Saved entries:
————————

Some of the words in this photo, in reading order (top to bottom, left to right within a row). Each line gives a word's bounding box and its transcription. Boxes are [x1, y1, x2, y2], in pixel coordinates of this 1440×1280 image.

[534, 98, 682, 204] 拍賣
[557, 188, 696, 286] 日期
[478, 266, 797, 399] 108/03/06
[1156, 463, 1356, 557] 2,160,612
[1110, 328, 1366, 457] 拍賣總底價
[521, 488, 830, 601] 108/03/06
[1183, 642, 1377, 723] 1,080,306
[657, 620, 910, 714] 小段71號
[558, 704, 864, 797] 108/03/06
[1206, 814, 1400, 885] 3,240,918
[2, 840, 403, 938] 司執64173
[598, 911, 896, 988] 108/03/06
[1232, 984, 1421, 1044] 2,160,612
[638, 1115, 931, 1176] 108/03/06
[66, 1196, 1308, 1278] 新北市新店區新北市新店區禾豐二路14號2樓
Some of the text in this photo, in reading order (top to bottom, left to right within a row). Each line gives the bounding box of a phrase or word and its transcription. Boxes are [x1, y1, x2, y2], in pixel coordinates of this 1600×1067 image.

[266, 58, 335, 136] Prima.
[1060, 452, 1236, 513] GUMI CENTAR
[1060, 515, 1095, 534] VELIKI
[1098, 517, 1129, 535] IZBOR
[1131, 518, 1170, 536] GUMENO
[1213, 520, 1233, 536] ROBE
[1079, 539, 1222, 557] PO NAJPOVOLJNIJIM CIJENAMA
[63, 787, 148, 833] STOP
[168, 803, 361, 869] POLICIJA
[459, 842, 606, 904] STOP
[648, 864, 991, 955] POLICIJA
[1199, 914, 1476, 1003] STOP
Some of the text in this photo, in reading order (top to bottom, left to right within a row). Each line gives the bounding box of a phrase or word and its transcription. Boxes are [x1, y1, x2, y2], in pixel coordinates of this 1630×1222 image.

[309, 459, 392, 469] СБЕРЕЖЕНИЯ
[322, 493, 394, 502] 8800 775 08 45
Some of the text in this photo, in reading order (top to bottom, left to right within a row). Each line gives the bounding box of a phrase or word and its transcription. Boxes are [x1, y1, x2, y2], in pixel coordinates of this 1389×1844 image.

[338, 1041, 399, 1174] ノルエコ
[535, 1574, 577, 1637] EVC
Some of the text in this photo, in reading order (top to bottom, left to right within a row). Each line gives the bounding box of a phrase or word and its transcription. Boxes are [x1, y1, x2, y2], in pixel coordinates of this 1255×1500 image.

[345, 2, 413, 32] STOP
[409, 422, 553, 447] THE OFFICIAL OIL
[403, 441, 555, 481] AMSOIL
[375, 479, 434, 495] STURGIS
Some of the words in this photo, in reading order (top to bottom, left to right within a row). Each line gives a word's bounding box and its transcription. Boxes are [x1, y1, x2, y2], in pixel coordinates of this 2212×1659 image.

————————

## TASK ITEM
Each record above must be transcribed exactly, and none may be skipped.

## RESULT FOR THIS TASK
Some of the words in this photo, in reading order (top to bottom, left to right within a row). Each line gives a word's bounding box and its transcription. Boxes are [x1, y1, x2, y2], in pixel coordinates of this 1440×1280 image.

[534, 98, 682, 204] 拍賣
[557, 188, 696, 286] 日期
[478, 266, 797, 399] 108/03/06
[1156, 463, 1356, 557] 2,160,612
[1110, 328, 1366, 457] 拍賣總底價
[521, 488, 830, 601] 108/03/06
[1183, 642, 1377, 723] 1,080,306
[657, 620, 910, 714] 小段71號
[558, 704, 864, 797] 108/03/06
[1206, 814, 1400, 885] 3,240,918
[2, 840, 403, 938] 司執64173
[598, 911, 896, 988] 108/03/06
[1232, 984, 1421, 1044] 2,160,612
[638, 1115, 931, 1176] 108/03/06
[66, 1196, 1308, 1278] 新北市新店區新北市新店區禾豐二路14號2樓
Some of the text in this photo, in reading order (top to bottom, left to right within a row). Each line gives the bounding box of a phrase or word and its transcription. Boxes are [x1, y1, x2, y2], in pixel coordinates of this 1600×1067 image.

[266, 58, 335, 136] Prima.
[1060, 452, 1236, 513] GUMI CENTAR
[1060, 515, 1095, 534] VELIKI
[1098, 517, 1129, 535] IZBOR
[1131, 518, 1170, 536] GUMENO
[1213, 520, 1233, 536] ROBE
[1079, 539, 1222, 557] PO NAJPOVOLJNIJIM CIJENAMA
[63, 787, 148, 833] STOP
[168, 803, 361, 869] POLICIJA
[459, 842, 606, 904] STOP
[648, 864, 991, 955] POLICIJA
[1199, 914, 1476, 1003] STOP
Some of the text in this photo, in reading order (top to bottom, left to right within a row). Each line gives the bounding box of a phrase or word and its transcription. Boxes are [x1, y1, x2, y2], in pixel coordinates of this 1630×1222 image.

[309, 459, 392, 469] СБЕРЕЖЕНИЯ
[322, 493, 394, 502] 8800 775 08 45
Some of the text in this photo, in reading order (top to bottom, left to right within a row). Each line gives the bounding box of a phrase or word and its transcription. Boxes are [x1, y1, x2, y2], in pixel coordinates of this 1389×1844 image.

[338, 1041, 399, 1174] ノルエコ
[535, 1574, 577, 1637] EVC
Some of the text in this photo, in reading order (top to bottom, left to right within a row). Each line gives the bounding box of a phrase or word and its transcription. Boxes are [x1, y1, x2, y2], in pixel coordinates of this 1255×1500 image.

[345, 2, 413, 32] STOP
[409, 422, 553, 447] THE OFFICIAL OIL
[403, 441, 555, 481] AMSOIL
[375, 479, 434, 495] STURGIS
Some of the words in this photo, in reading order (top to bottom, left to right within a row). Each line gives a word's bounding box and its transcription. Boxes are [x1, y1, x2, y2], in pixel coordinates of this 2212×1659 image.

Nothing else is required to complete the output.